Paradoxes in antiretroviral treatment for injecting drug users: access, adherence and structural barriers in Asia and the former Soviet Union.

作者信息

Wolfe Daniel

机构信息

International Harm Reduction Development Program of the Open Society Institute, New York, NY 10019, United States.

出版信息

Int J Drug Policy. 2007 Aug;18(4):246-54. doi: 10.1016/j.drugpo.2007.01.012. Epub 2007 Mar 23.
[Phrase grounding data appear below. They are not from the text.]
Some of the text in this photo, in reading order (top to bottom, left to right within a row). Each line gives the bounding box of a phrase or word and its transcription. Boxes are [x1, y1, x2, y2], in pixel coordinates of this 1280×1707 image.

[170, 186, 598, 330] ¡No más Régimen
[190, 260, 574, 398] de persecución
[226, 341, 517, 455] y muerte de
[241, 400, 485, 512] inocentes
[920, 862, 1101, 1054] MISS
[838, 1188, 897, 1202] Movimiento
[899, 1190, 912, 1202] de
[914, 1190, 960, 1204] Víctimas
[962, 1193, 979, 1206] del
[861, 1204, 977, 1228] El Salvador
DOI:10.1016/j.drugpo.2007.01.012
PMID:17689372
Abstract

Offered proper support, injection drug users (IDUs) can achieve the same levels of adherence to and clinical benefit from antiretroviral treatment (ARV) as other patients with HIV. Nonetheless, in countries of Asia and the former Soviet Union where IDUs represent the largest share of HIV cases, IDUs have been disproportionately less likely to receive ARV. While analysis of adherence amongst IDUs has focused on individual patient ability to adhere to medical regimens, HIV treatment systems themselves are in need of examination. Structural impediments to provision of ARV for IDUs include competing, vertical systems of care; compulsory drug treatment and rehabilitation services that often offer neither ARV nor effective treatment for chemical dependence; lack of opiate substitution treatments demonstrated to increase adherence to ARV; and policies that explicitly or implicitly discourage ARV delivery to active IDUs. Labeling active drug users as socially untrustworthy or unproductive, health systems can create a series of paradoxes that ensure confirmation of these stereotypes. Needed reforms include professional education and public campaigns that emphasize IDU capacity for health protection and responsible choice; recognition that the chronic nature of injecting drug use and its links to HIV infection require development of ARV treatment delivery that includes active drug users; and integrated treatment that strengthens links between health providers and builds on, rather than seeks to bypass, IDU social networks and organizations.

摘要

在获得适当支持的情况下,注射吸毒者(IDU)可以在抗逆转录病毒治疗(ARV)的依从性和临床获益方面达到与其他艾滋病毒患者相同的水平。尽管如此,在亚洲国家和前苏联地区,注射吸毒者在艾滋病毒病例中占比最大,但他们获得抗逆转录病毒治疗的可能性却出奇地低。虽然对注射吸毒者依从性的分析主要集中在个体患者坚持医疗方案的能力上,但艾滋病毒治疗系统本身也需要审视。为注射吸毒者提供抗逆转录病毒治疗存在一些结构性障碍,包括相互竞争的垂直医疗体系;强制戒毒和康复服务,这些服务往往既不提供抗逆转录病毒治疗,也不提供有效的药物依赖治疗;缺乏经证实能提高抗逆转录病毒治疗依从性的阿片类药物替代疗法;以及明确或隐含地阻碍向活跃注射吸毒者提供抗逆转录病毒治疗的政策。卫生系统将活跃吸毒者视为社会上不值得信任或没有生产力的人,这可能会制造一系列自相矛盾的情况,从而确保这些刻板印象得到证实。所需的改革包括专业教育和公众宣传活动,强调注射吸毒者的健康保护能力和负责任的选择;认识到注射吸毒的长期性及其与艾滋病毒感染的联系,需要制定包括活跃吸毒者在内的抗逆转录病毒治疗方案;以及综合治疗,加强卫生服务提供者之间的联系,并依托而非试图绕过注射吸毒者的社会网络和组织。